By Lowell Bliss
Flourish, Fall 2011
In October, 2010, over 4200 evangelical leaders from 198 countries converged on Cape Town, South Africa for the Third Lausanne Congress on World Evangelization, continuing the movement begun four decades ago by the prayerful efforts of Billy Graham and John Stott. The Congress’s stated goal was to present “a fresh challenge to the global Church to bear witness to Jesus Christ and all his teaching—in every nation, in every sphere of society, and in the realm of ideas.” In South Africa, the Third Congress embodied that challenge in a remarkable document entitled the Cape Town Commitment.
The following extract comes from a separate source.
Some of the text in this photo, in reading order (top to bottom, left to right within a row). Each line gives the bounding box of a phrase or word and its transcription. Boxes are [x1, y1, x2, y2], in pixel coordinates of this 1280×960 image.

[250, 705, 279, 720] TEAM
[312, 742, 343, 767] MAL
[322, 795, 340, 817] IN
Among the many issues touched upon from the “nations, spheres, and realms” was creation care. The Cape Town Commitment makes assertions about that subject that are unprecedented in the history of the modern evangelical church: “The earth is created, sustained and redeemed by Christ,” it declares. “We cannot claim to love God while abusing what belongs to Christ by right of creation, redemption and inheritance.”
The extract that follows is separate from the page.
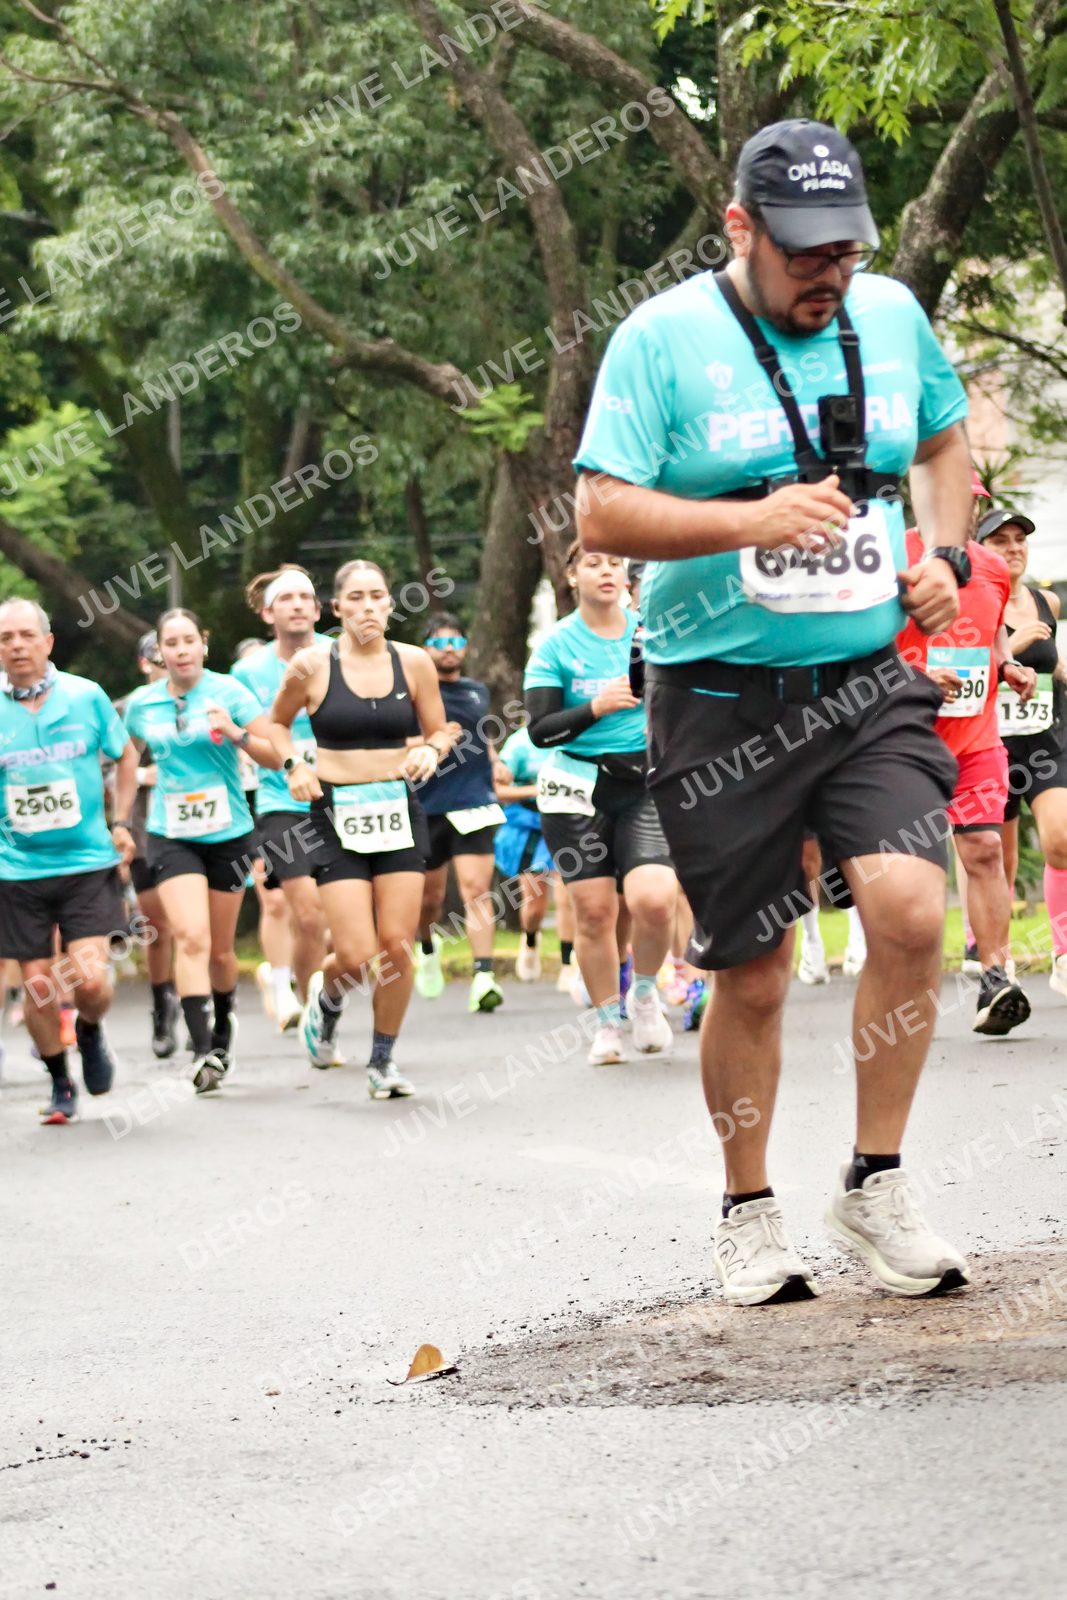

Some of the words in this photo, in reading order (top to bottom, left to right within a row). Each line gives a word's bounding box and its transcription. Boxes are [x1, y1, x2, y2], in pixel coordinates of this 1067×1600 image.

“Creation care is a gospel issue within the Lordship of Christ.”
John Stott drafted the text of the Lausanne Movement’s original document, the Lausanne Covenant, and offered up the phrase that would become the rallying cry of all subsequent activities, namely that “World evangelization requires the whole Church to take the whole gospel to the whole world.” This three-part statement on wholeness suggests a way to describe how God moved at each of the three Congresses, and explains how creation care has finally found an undisputed place close to the heart of modern global evangelicalism.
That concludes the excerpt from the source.